5. A method for making a jewelry ring comprised of three stacked rings counter-rotatable to each other, the method comprising the steps of:

a. obtaining a first ring blank, a second ring blank and a third ring blank, wherein the second ring blank has inner diameter larger than that of the first and third ring blanks;

b. forming the first ring blank as follows: at one edge of the first ring blank, a convex bearing surface recessed from and facing the outer diameter of said first ring blank, wherein the convex bearing surface is connected to the first ring blank by a flat bearing surface recessed from the convex bearing surface;

c. forming the second ring blank as follows: (i) at one edge of the second ring blank, a first flat bearing surface recessed from and facing the inner diameter of said second ring blank, wherein the first flat bearing surface is connected to the second ring blank by a first concave bearing surface recessed from the first flat bearing surface; and (ii) at the other edge of the second ring blank, a second flat bearing surface recessed from and facing the inner diameter of said second ring blank, wherein the second flat bearing surface is connected to the second ring blank by a second concave bearing surface recessed from the second flat bearing surface;

d. forming the third ring blank as follows: at one end of the third ring blank, a convex bearing surface recessed from and facing the outer diameter of said third ring blank, wherein the convex bearing surface is connected to the third ring blank by a flat bearing surface recessed from the convex bearing surface;

e. aligning (i) the convex bearing surface of the first formed ring with the first concave bearing surface of the second formed ring, and the flat bearing surface of the first formed ring with the first flat bearing surface of the second formed ring; and (ii) aligning the convex bearing surface of the third formed ring with the second concave bearing surface of the second formed ring, and the flat bearing surface of the third formed ring with the second flat bearing surface of the second formed ring;

f. enlarging the first formed ring and the third formed ring until the interior diameters of the first and third formed ring are flush with the interior diameter of the second formed ring, resulting in a single connected ring comprised of the first and second formed rings counter-rotatable to each other and the second and third formed rings counter-rotatable to each other; and

g. post-processing the single connected ring by smoothing its inner diameter.

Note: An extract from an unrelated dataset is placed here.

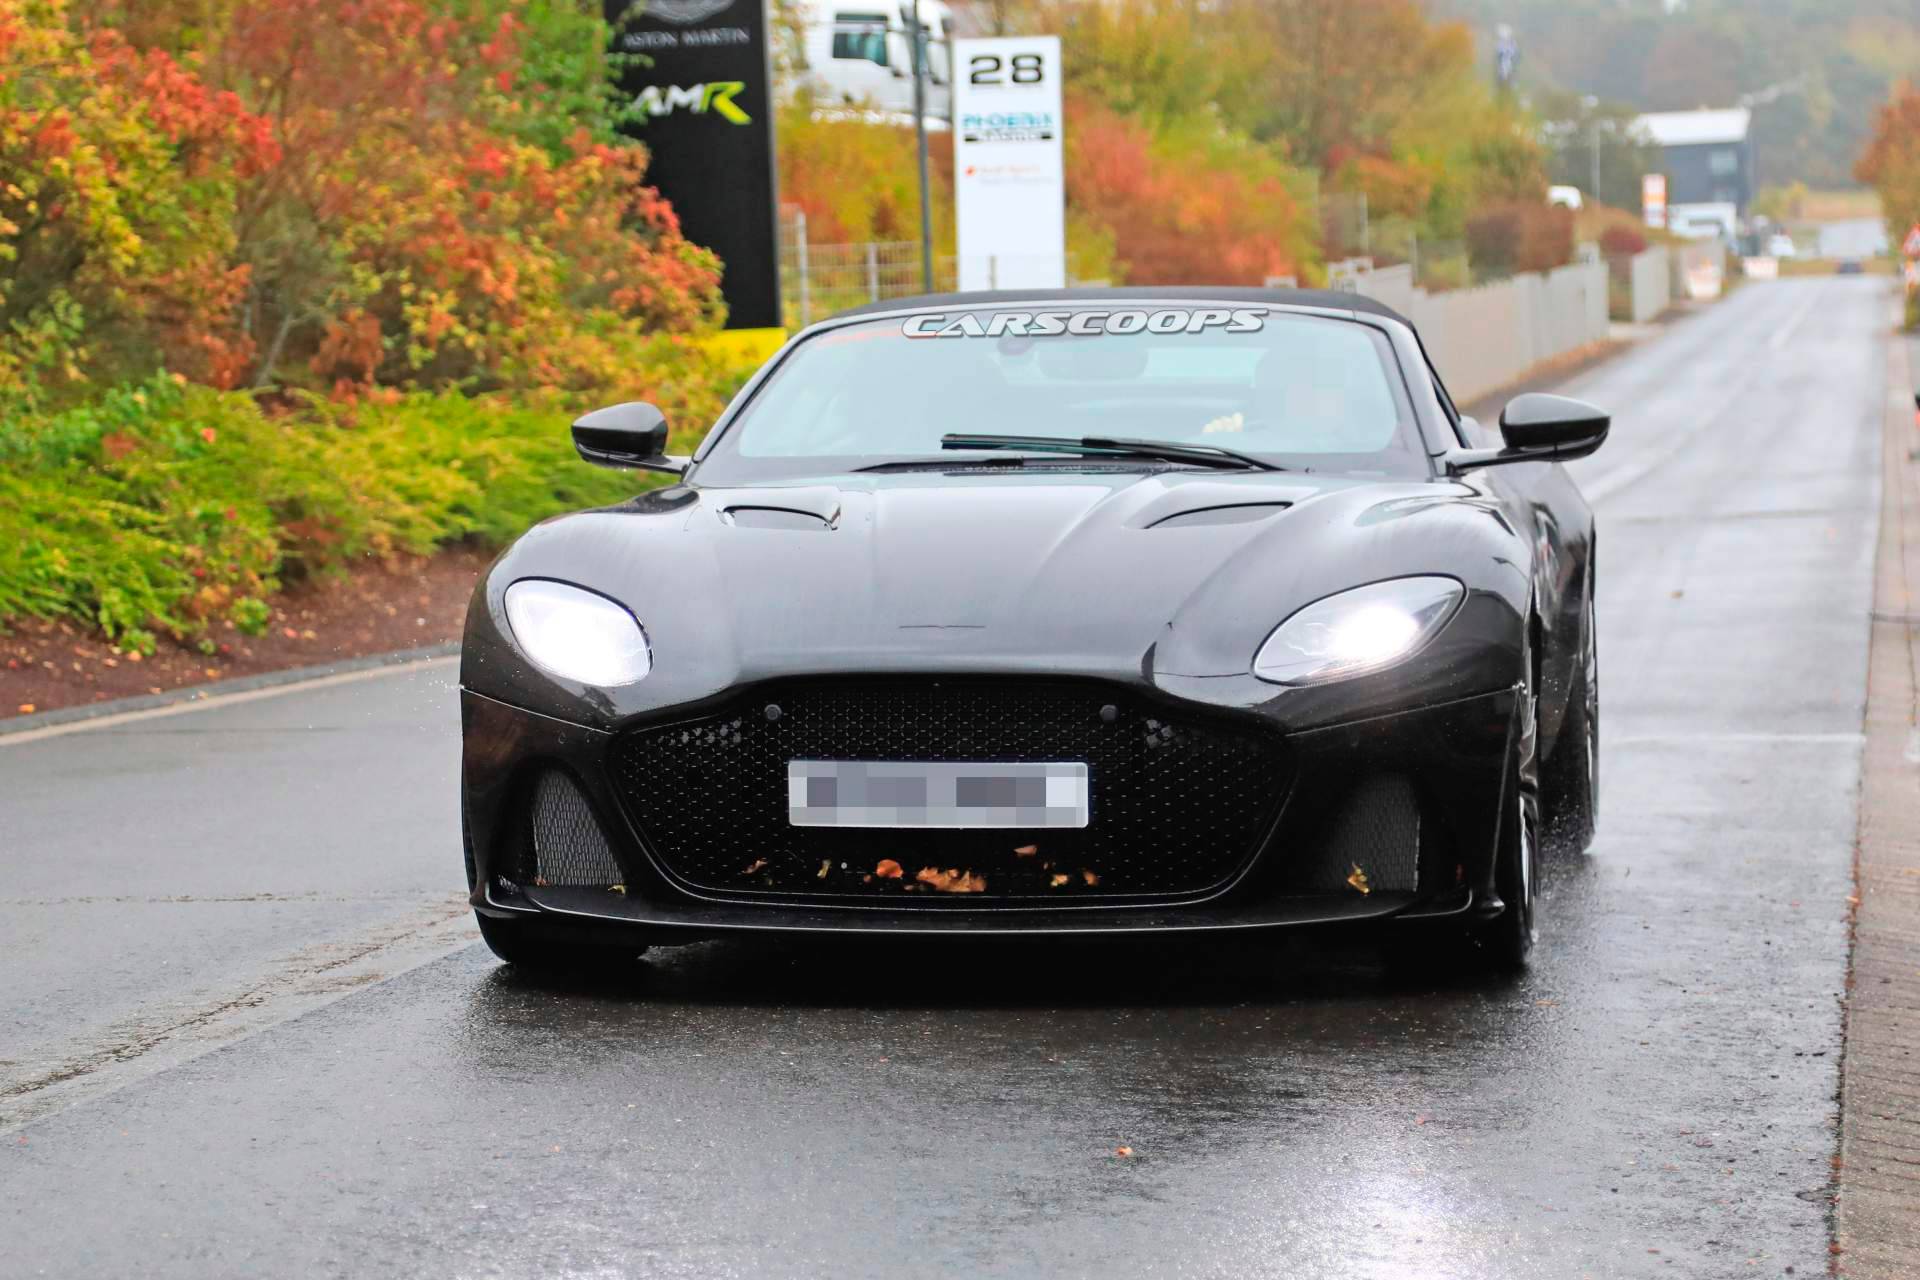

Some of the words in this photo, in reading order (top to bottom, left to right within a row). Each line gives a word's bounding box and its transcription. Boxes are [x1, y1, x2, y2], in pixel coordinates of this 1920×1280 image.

6. The method of claim 5 wherein prior to forming the first, second and third ring blanks they are semi-finished.

7. The method of claim 5 wherein the post-processing step additionally comprises shaping the inner diameter of the single connected ring into a convex surface.

8. The method of claim 6 wherein the post-processing step additionally comprises shaping the inner diameter of the single connected ring into a convex surface.